В Мюнхене в отеле «Риц» он дал согласие хлопковому Наполеону на возврат валюты с зарубежных счетов партии на родину, в его банк, только по одной причине – ему было жаль своего патрона, некогда давшего ему подняться, а если высокопарнее – реализовать в себе талант инженера, предпринимателя. Его отказ мог стоить бывшему секретарю обкома жизни, спецслужбы безжалостнее уголовников, у них тоже волчьи законы. Он никогда не оставлял друзей в беде, такова была его натура. Но после отъезда хлопкового Наполеона из Мюнхена он постоянно возвращался к разговору в отеле «Риц», понимая, в какую авантюру неожиданно втянулся и чем рискует. В случае какой-то утечки информации потерей банка – точно, а банк был целью его жизни, мечтой. Как банкир, он знал, как изменить мир вокруг себя. Что мир преобразуют капиталы, он впитал это с молоком матери, получил генетически от прадеда, деда, отца. Возвращаясь к разговору в уютном номере за чашкой зеленого китайского чая после плотного обеда в «золотом зале» русского ресторана, Шубарин жалел, что не записал этот разговор на диктофон, а он ведь был с собой в машине. Вспоминалась одна фраза, позже оказавшаяся для него ключевой, заставившая его по-новому взглянуть на партийные деньги на зарубежных счетах. Помнится, Анвар Абидович с нескрываемой тревогой сказал: «Беда не в том, что огромные партийные средства, на которые, впрочем, существовала и самая мощнейшая и многочисленная разведка в мире, есть на зарубежных счетах, а в том, что они принадлежат иностранным гражданам, некогда увлекавшимся левацкими идеями или притворявшимися марксистами и ленинцами. И сегодня, когда коммунизм потерпел крах повсюду, лишился привлекательности даже в Италии, Испании, есть опасность потерять деньги навсегда. Ибо капиталы складывались десятилетиями нелегально, в обход законов и своей, и чужой страны. У нас есть сведения, что кое-кто из владельцев крупной собственности партии за рубежом уже ликвидировал фирмы, распродал имущество, снял многомиллионные накопления и скрылся в неизвестном направлении. И пока наша агентурная сеть на Западе существует, мы должны любой ценой, даже силой, если понадобится, вернуть деньги домой, они еще пригодятся партии. Но мы должны спешить, чтобы не остаться у разбитого корыта…»
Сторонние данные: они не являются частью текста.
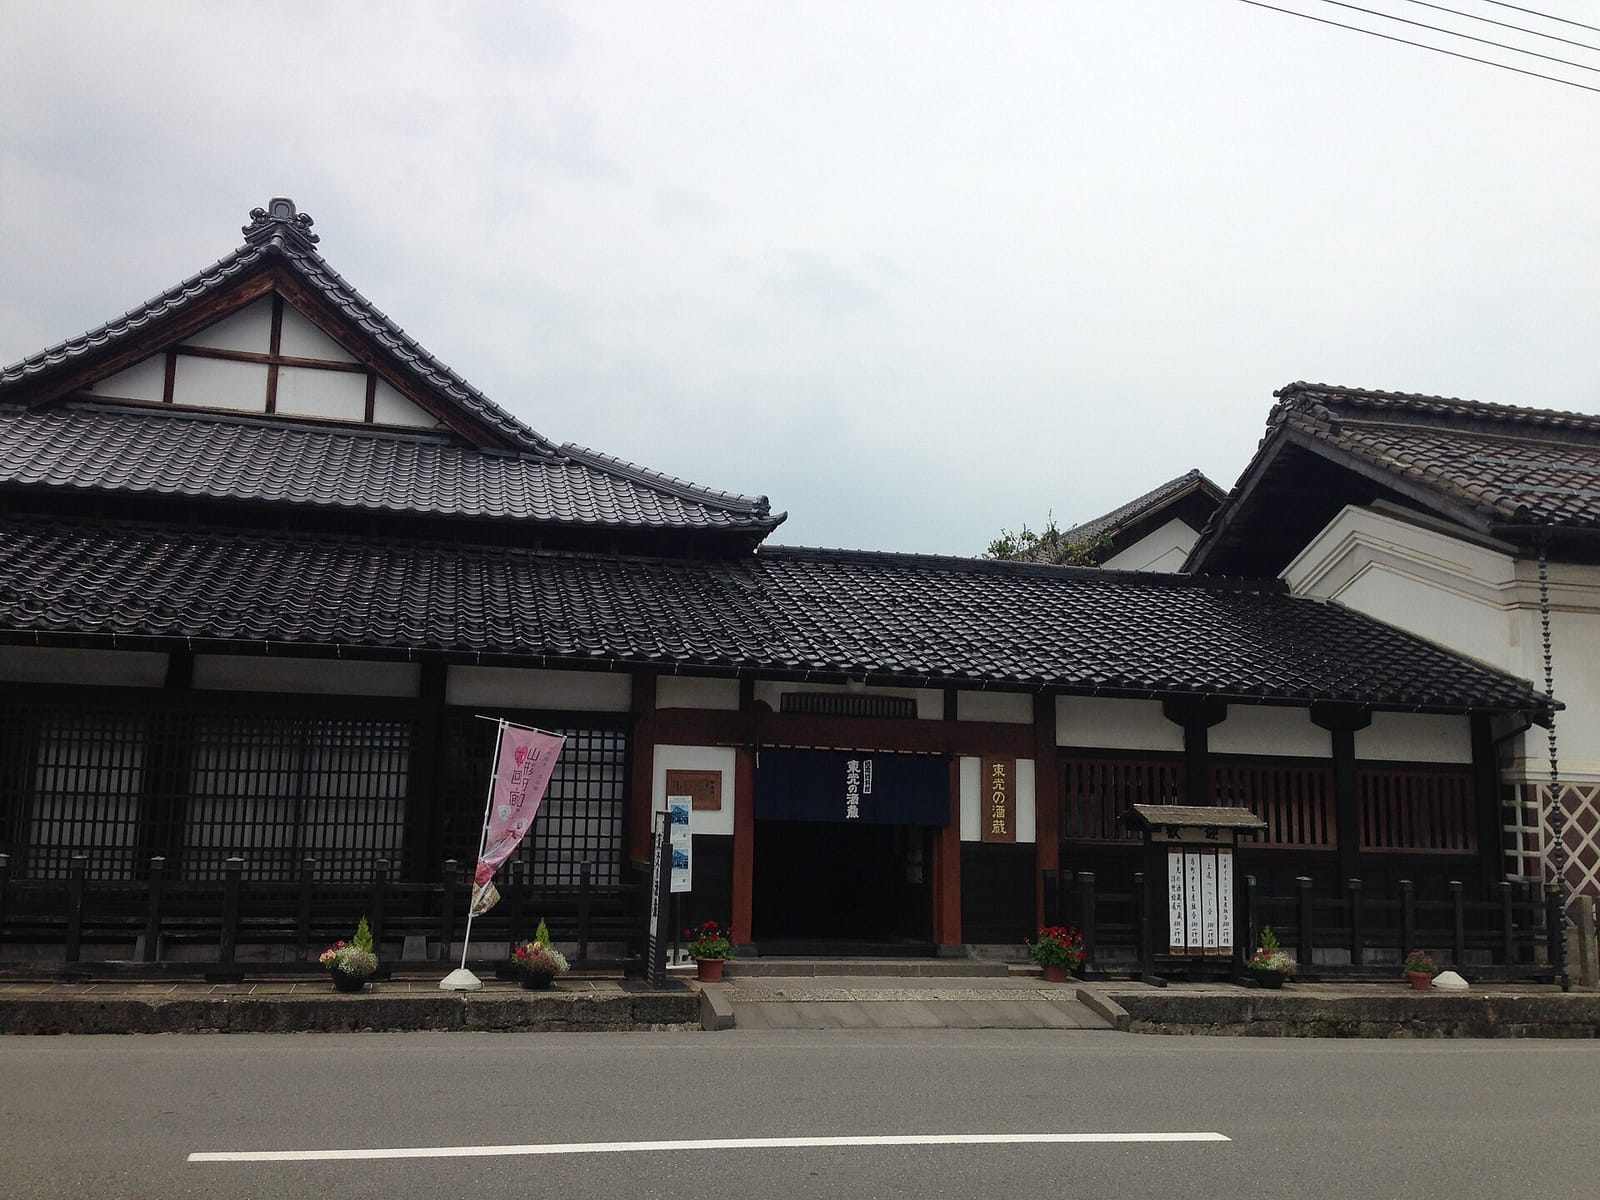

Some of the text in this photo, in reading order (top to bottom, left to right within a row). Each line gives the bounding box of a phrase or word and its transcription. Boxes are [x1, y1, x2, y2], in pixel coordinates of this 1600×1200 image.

[846, 760, 861, 819] 東光の酒蔵
[991, 763, 1007, 834] 東光の酒蔵
Шубарин тогда же хотел поправить патрона, что деньги не партии, а народа, ведь Анвар Абидович тогда же сам, минутой раньше, объясняя источники возникновения валютной кассы, говорил, что партийные деньги трудно отделить от государственных, настолько все сплелось, ведь продавали богатство недр, принадлежащее народу и добываемое им же, но тогда он не хотел перебивать разговор. Наверное, взглянуть на доллары коммунистов иначе его отчасти заставил двадцатичетырехмиллиардный кредит Международного банка развития и реконструкции, обещанный нашей стране, но оговоренный тысячами условностей: по-русски это выглядело по поговорке – пойди туда, не знаю куда, принеси то, не знаю что. Приблизительно на таких условиях Запад был готов дать этот кредит, хотя он-то знал, конечно, куда идти и что нести. А ведь по мировым стандартам сумма была мизерная, Америка одна ежегодно в течение десятилетий подкидывала более крупные суммы крошечному Израилю. Небольшой она была даже в сравнении с теми деньгами, что имела партия на тайных зарубежных счетах, ведь ему-то обрисовали примерные контуры капиталов и недвижимости, принадлежащих КПСС.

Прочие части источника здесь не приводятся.